§ EXERCISE REQUIREMENTS: Make an exact copy of the records, omitting all images.

START THE DATA

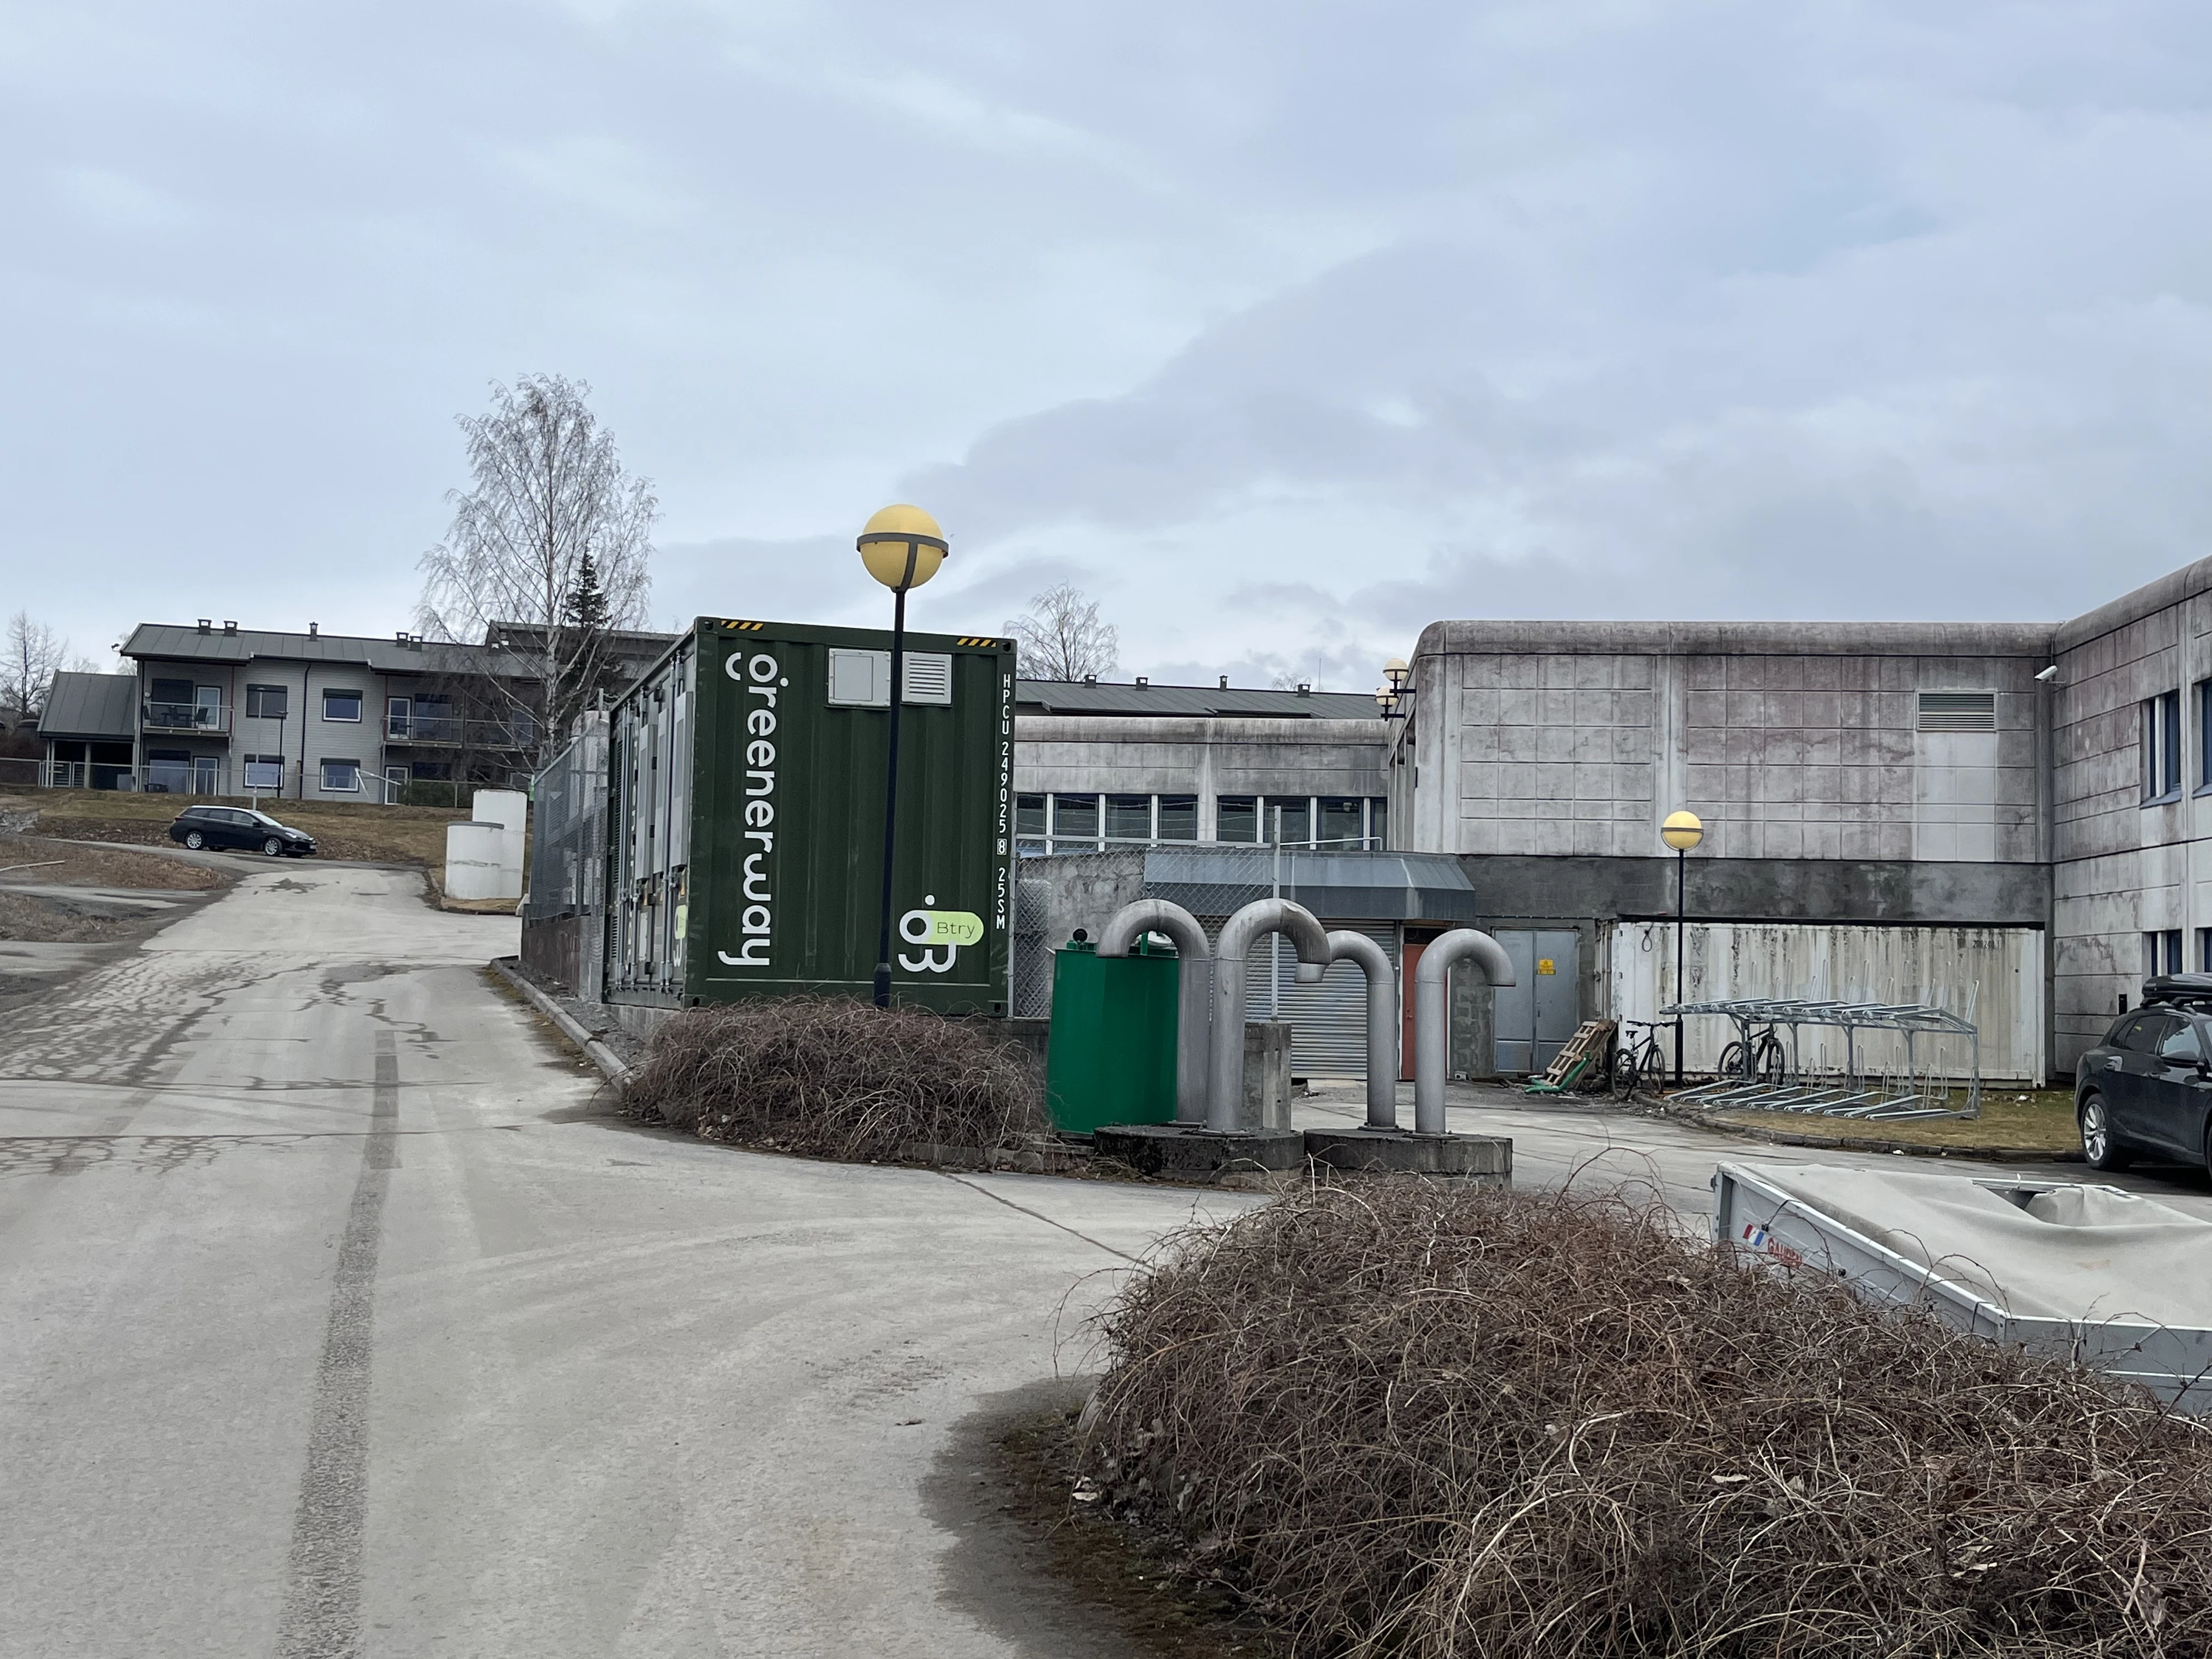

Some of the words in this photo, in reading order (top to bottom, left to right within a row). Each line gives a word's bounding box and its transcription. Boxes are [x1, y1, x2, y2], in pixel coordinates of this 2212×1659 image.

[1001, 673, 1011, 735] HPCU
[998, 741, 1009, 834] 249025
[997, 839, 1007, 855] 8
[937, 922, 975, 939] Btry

END THE DATA

§ EXPECTED OUTPUT:
Some of the words in this photo, in reading order (top to bottom, left to right within a row). Each line gives a word's bounding box and its transcription. Boxes are [x1, y1, x2, y2], in pixel coordinates of this 2212×1659 image.

[1001, 673, 1011, 735] HPCU
[998, 741, 1009, 834] 249025
[997, 839, 1007, 855] 8
[937, 922, 975, 939] Btry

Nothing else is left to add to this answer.